Mary Wilkinson says:
The caricature wins over the
The caricature wins over the black iris Ellen. That garden must have been beautiful, mangoes, hibiscus.........I am swooning.
Ellen R. Sheeley says:
Thanks for weighing in,
Thanks for weighing in, Mares. I'm having difficulty uploading the caricatures, but Huntington is working with me.
I think you would've loved my yard in Samoa, Mary. Early in my days there, I accidentally dropped some papaya seeds as I was walking down my front porch stairs to take out the trash. By the time I left Samoa, I had a new papaya tree near the stairs where the seeds had been dropped.
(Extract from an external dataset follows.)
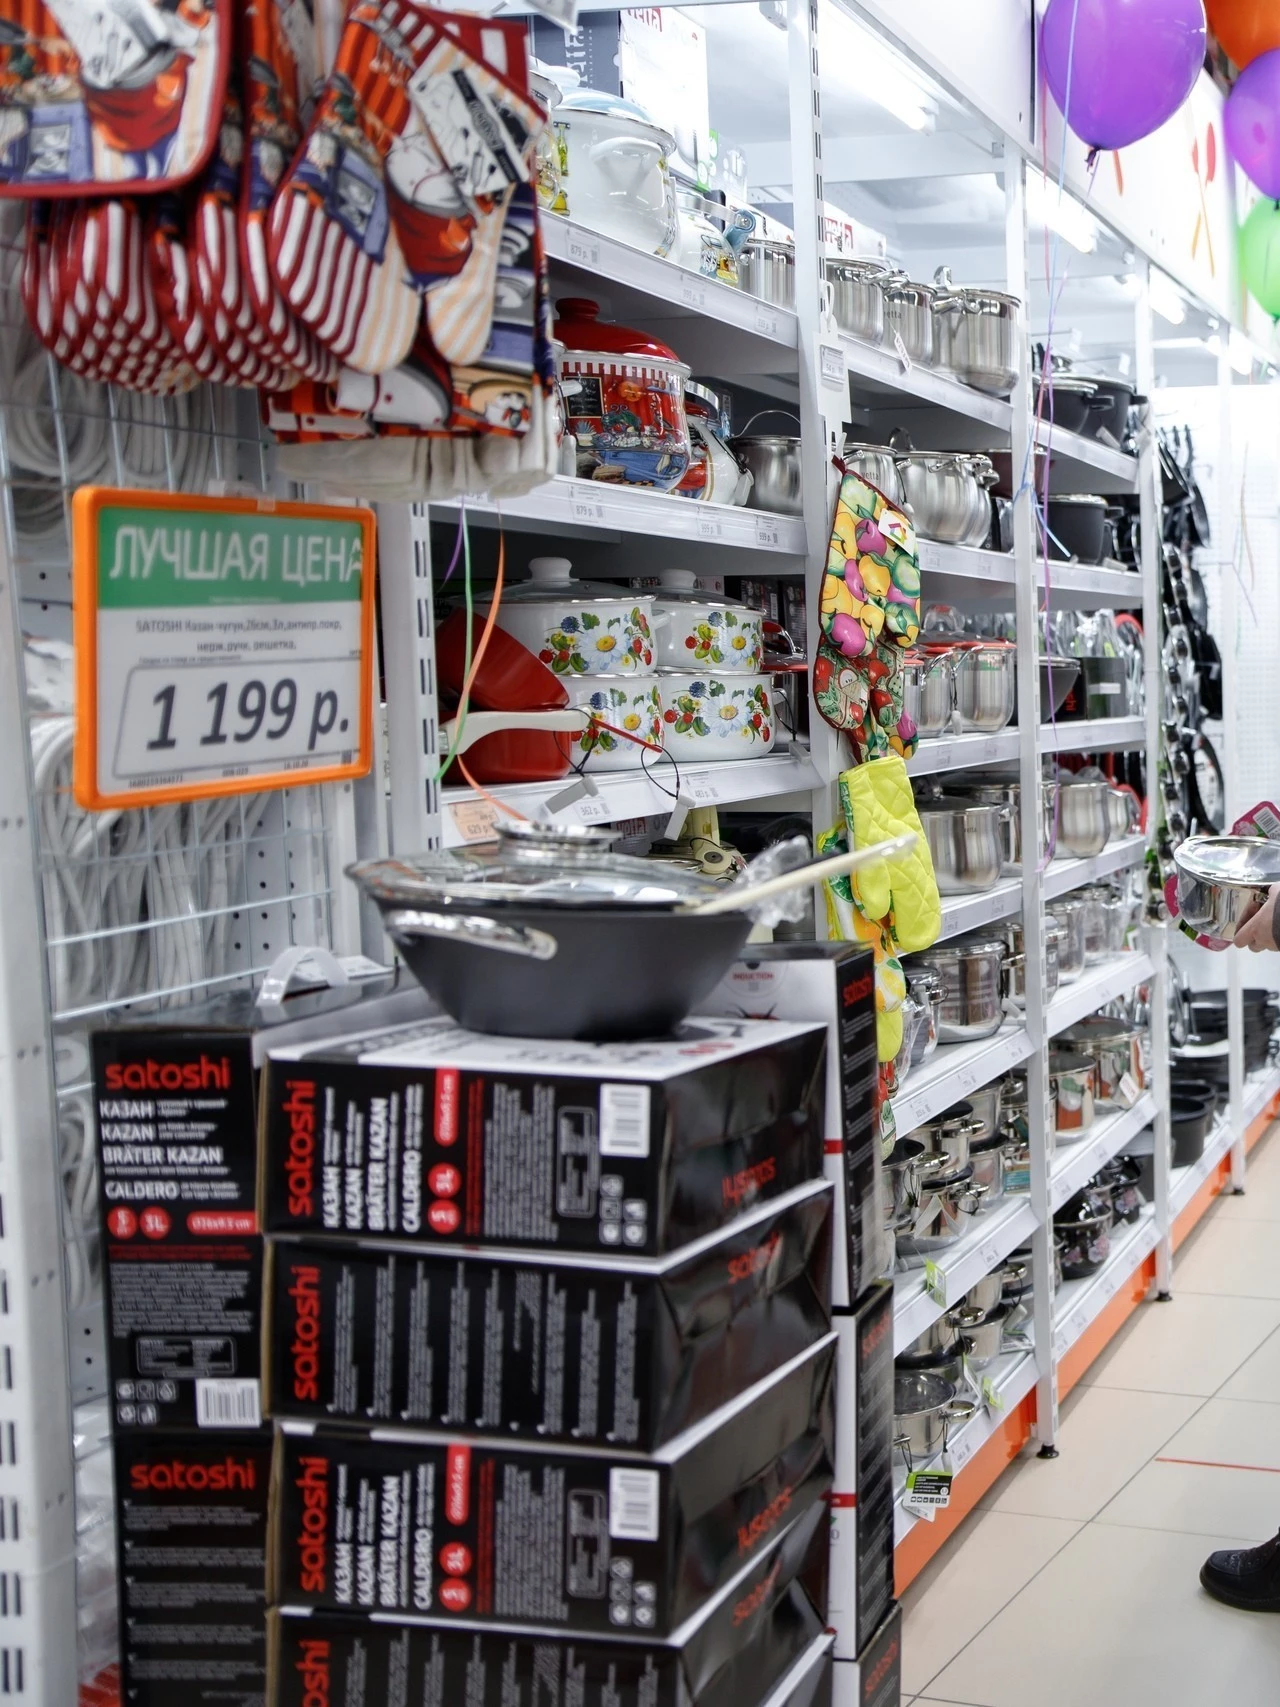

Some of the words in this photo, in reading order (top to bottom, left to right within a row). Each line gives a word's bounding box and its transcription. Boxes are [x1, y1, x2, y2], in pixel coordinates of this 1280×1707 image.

Everything is so fertile there, and you can literally go out to your yard and pick something from your trees for a snack or a salad.
On a literary note, Robert Louis Stevenson wrote Treasure Island in Samoa. In addition, he is buried there. The Samoans loved him and called him the Tusitala (teller of tales).
Mary Wilkinson says:
Imagine that dropping seeds
Imagine that dropping seeds and a tree grows. Here everything is a challenge, the growing a metaphor for survival! Our potatoes are thriving but everything else withered this year-left us feeling a little angry at the soil and the conditions, you give your heart and best intentions and toil and yet little to show. Maybe we need to reconsider the terms, rework the planting schedule, stand back and find an alternative seed bed.....
Ellen R. Sheeley says:
There must be a reason why
There must be a reason why paradise is almost always depicted as tropical. We humans just tend to gravitate toward that and, yet, it is not without its downsides.
The spud has served the Irish so well. What is it about the Irish climate that is hardest on growing other plants, Mary? Is it the wind? The oversaturation of the soil after excessive rains? Samoa is volcanic, so the soil is rich and porous. So, although it rains quite a bit there, the moisture quickly drains or evaporates due to the equatorial sun.